First of all, remember the fact that this info is simply rumors and that whereas ready for NVIDIA to verify details about this structure, we’ll touch upon the knowledge that comes out in regards to the subsequent NVIDIA structure, which we don’t anticipate earlier than 2022.
What can we anticipate from Lovelace?
One of the issues that stunned many people within the GeForce Ampere, RTX 3000, was the truth that NVIDIA doubled the variety of ALUs in FP32 inside every SM, the trick to do it’s the truth that from the NVIDIA Turing was to do a quite simple change to elucidate in SM items.
In all GeForces as much as Pascal, the CUDA “cores” had two sorts of ALUs inside them, one integer and one floating level, however these had been totally switched and shared the information path. It was from Volta and Turing, NVIDIA assigned two paths, one for integers and the opposite for floating level, however solely having the ability to activate 16 paths, however in Ampere they made the information path that communicated with the 16 integer ALUs to take action as properly. with one other 16 floating level ALUs, which added to the beforehand present ones, counted a most of 128 ALUs in FP32 per SM, thus doubling the utmost floating level calculation capability.
We have no idea if NVIDIA goes to make a change of the identical sort throughout the Lovelace options, but when the rumors are true then the way in which to extend the efficiency by a part of NVIDIA won’t be to extend the variety of ALUs in FP32 by SM or no matter one other factor, however to extend the quantity of SMs in complete.
An enormous variety of CUDA cores in Lovelace
If we already mentioned the rumor of the characteristics of Lovelace with a configuration of 12 GPC and 6 TPC per GPC, or in different phrases, of the 12 GPC with 12 SM Each one, now we now have to speak about what this might imply within the occasion that NVIDIA doesn’t make architectural modifications and ignoring different components of the equation that may make these rumors kind of doable or credible.

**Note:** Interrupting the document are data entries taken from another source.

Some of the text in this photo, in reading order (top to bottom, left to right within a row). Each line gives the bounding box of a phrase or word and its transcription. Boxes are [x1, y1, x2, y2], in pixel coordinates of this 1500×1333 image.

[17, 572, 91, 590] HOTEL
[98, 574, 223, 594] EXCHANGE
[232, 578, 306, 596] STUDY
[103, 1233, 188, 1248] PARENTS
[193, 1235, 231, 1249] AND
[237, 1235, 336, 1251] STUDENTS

12 GPC * 12 SM by GPC = 144 SM.
144 SM * 128 ALUs in FP32 (CUDA cores) = 18432 “cores” CUDA / ALUs in FP32
In comparability, the NVIDIA RTX 3090 has 82 SMs with the identical configuration, 10496 “cores” CUDA, so it’s a leap of 70% that along with an eventual enchancment in clock pace may imply efficiency past 60 TFLOPS for computing energy. All this paying unique consideration to the knowledge of the rumors and ignoring different elements.

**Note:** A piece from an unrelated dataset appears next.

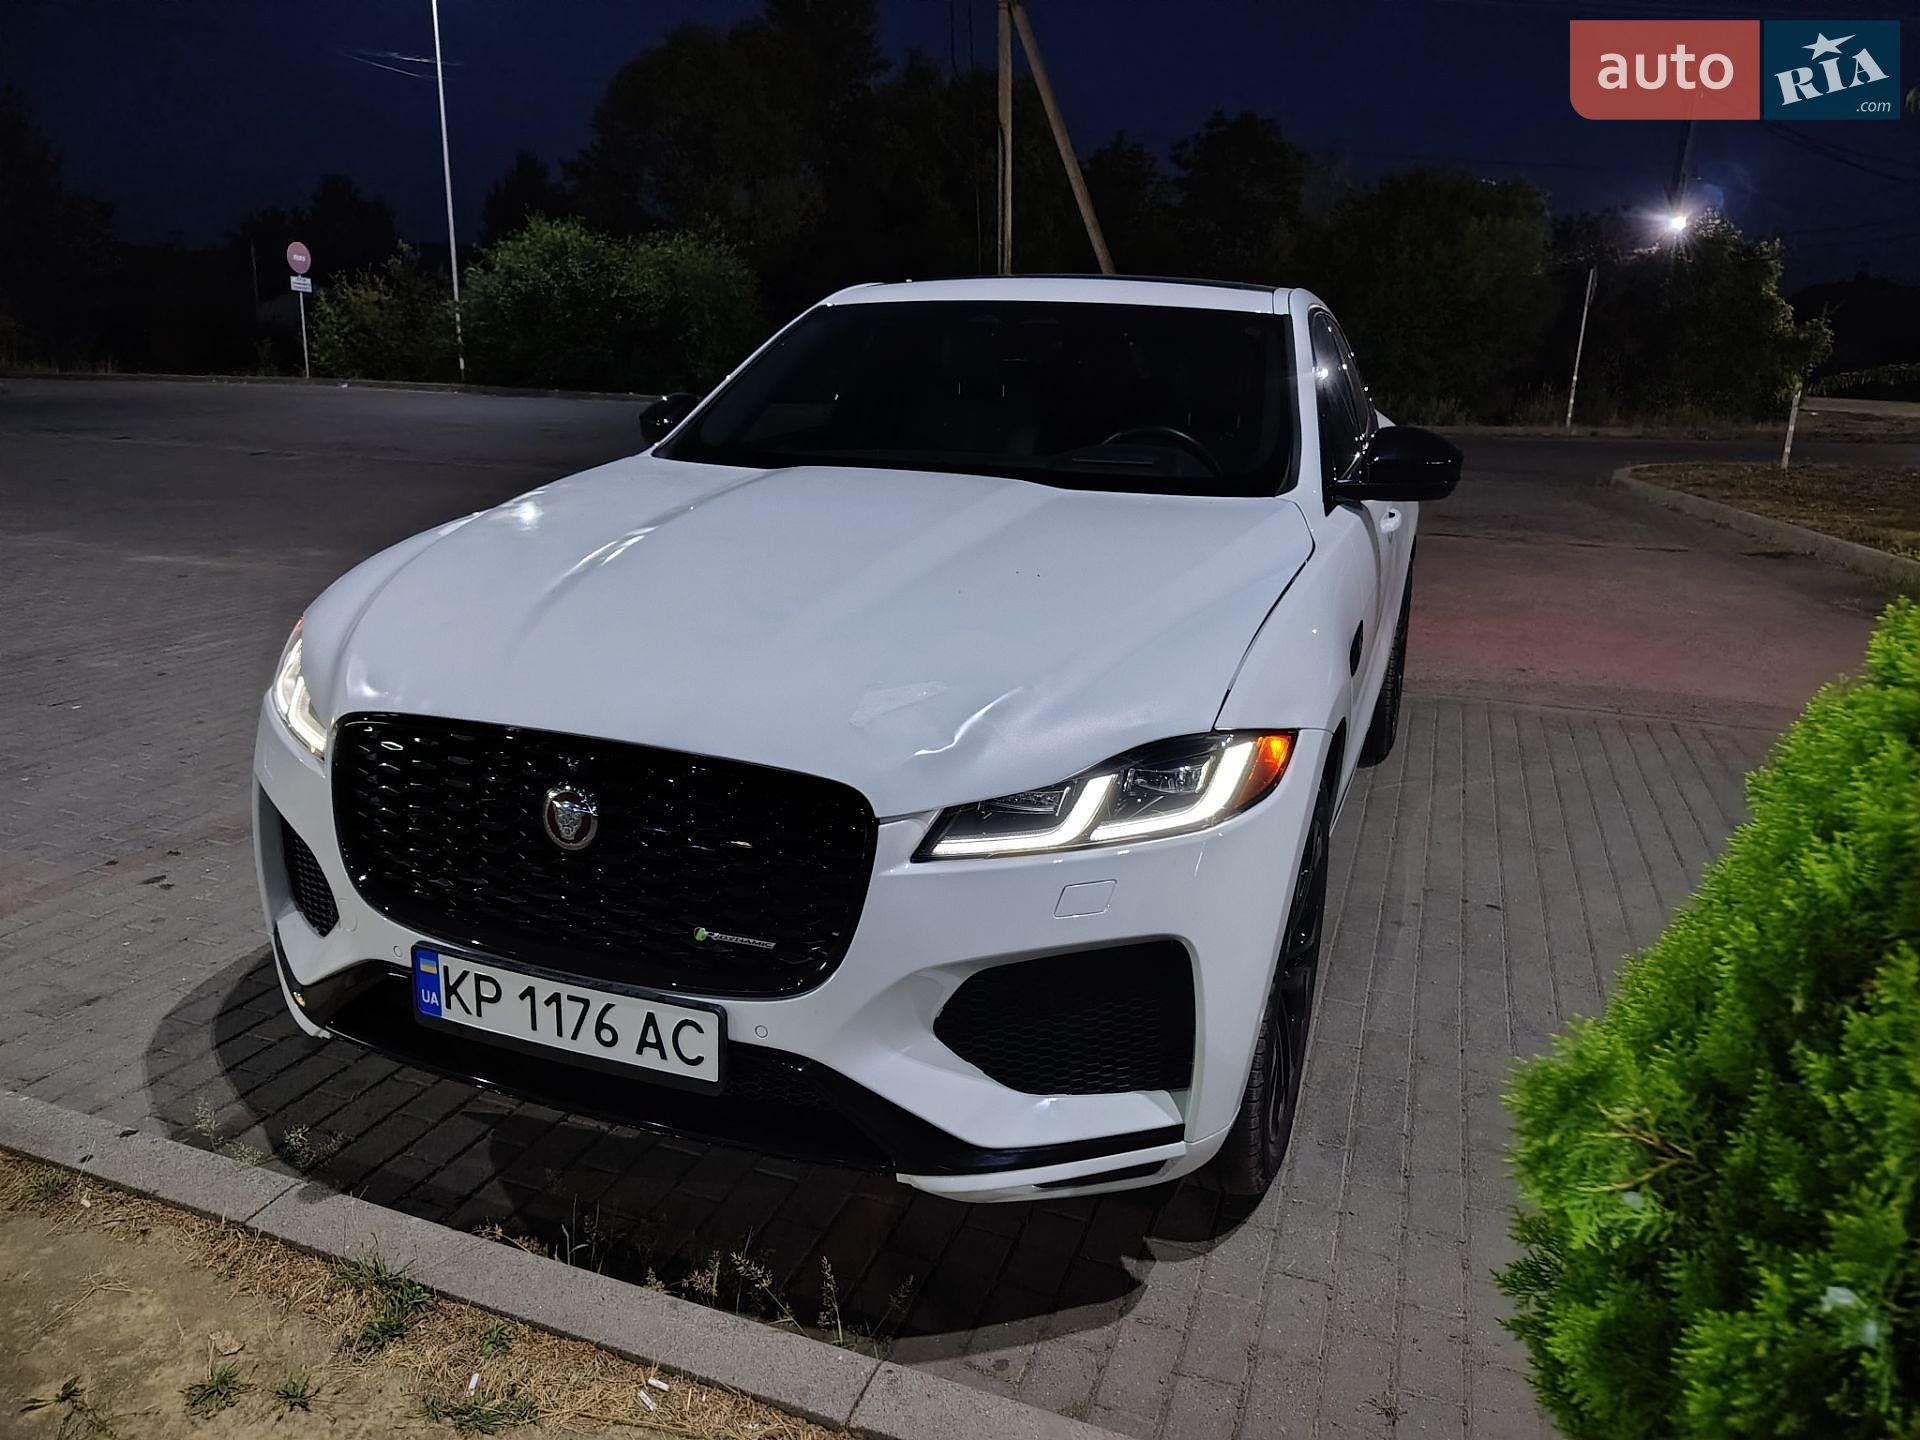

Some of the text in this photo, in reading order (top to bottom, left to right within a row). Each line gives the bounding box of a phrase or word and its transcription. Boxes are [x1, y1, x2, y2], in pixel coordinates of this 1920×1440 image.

[421, 988, 439, 1007] UA
[442, 965, 705, 1067] KP 1176 AC

Lovelace options want deeper modifications
Normally NVIDIA allotted an quantity of GPCs equal to the reminiscence bandwidth, usually it allotted 6 GPCs within the case of a 384-bit bus, 5 GPCs within the case of a 320-bit bus, Four GPCs within the case of a bus of 256 bits, and many others. But, if the rumors about NVIDIA Lovelace change into true then this equivalence between L2 cache and GPCs can be damaged, there can be extra GPCs per L2 cache partitions and the required bandwidth can be larger.
If we make a fast remark we’ll see how from the leap from NVIDIA Maxwell to NVIDIA Pascal the quantity of GPC was maintained however the quantity of TPC per GPC was elevated by one. The similar occurred from Pascal to Turing, however with Ampere they didn’t enhance the width per GPC however as a substitute went from 7 to six GPC.
If Lovelace’s characteristics are true, then the change that may enable numerous GPCs to be positioned can be within the L2 Cache of the GPU, this at all times communicates the totally different GPCs with one another, so with a purpose to scale the variety of GPCs there should be a tips on how to scale Cache L2, however in the intervening time we have no idea it and may solely speculate about it.
One chance is that simply as a PAM-Four interface has been used for communication with exterior reminiscence within the case of GDDR6, then NVIDIA has determined to do the identical with the L2 cache, rising its bandwidth and permitting it to feed the 12 GPCs that may encompass Cache L2.
Of course, this additionally doesn’t resolve that such quite a lot of items additionally require a big bandwidth for VRAM, which makes us consider that NVIDIA has a couple of methods up its sleeve and that it’s going to take a very long time to know them.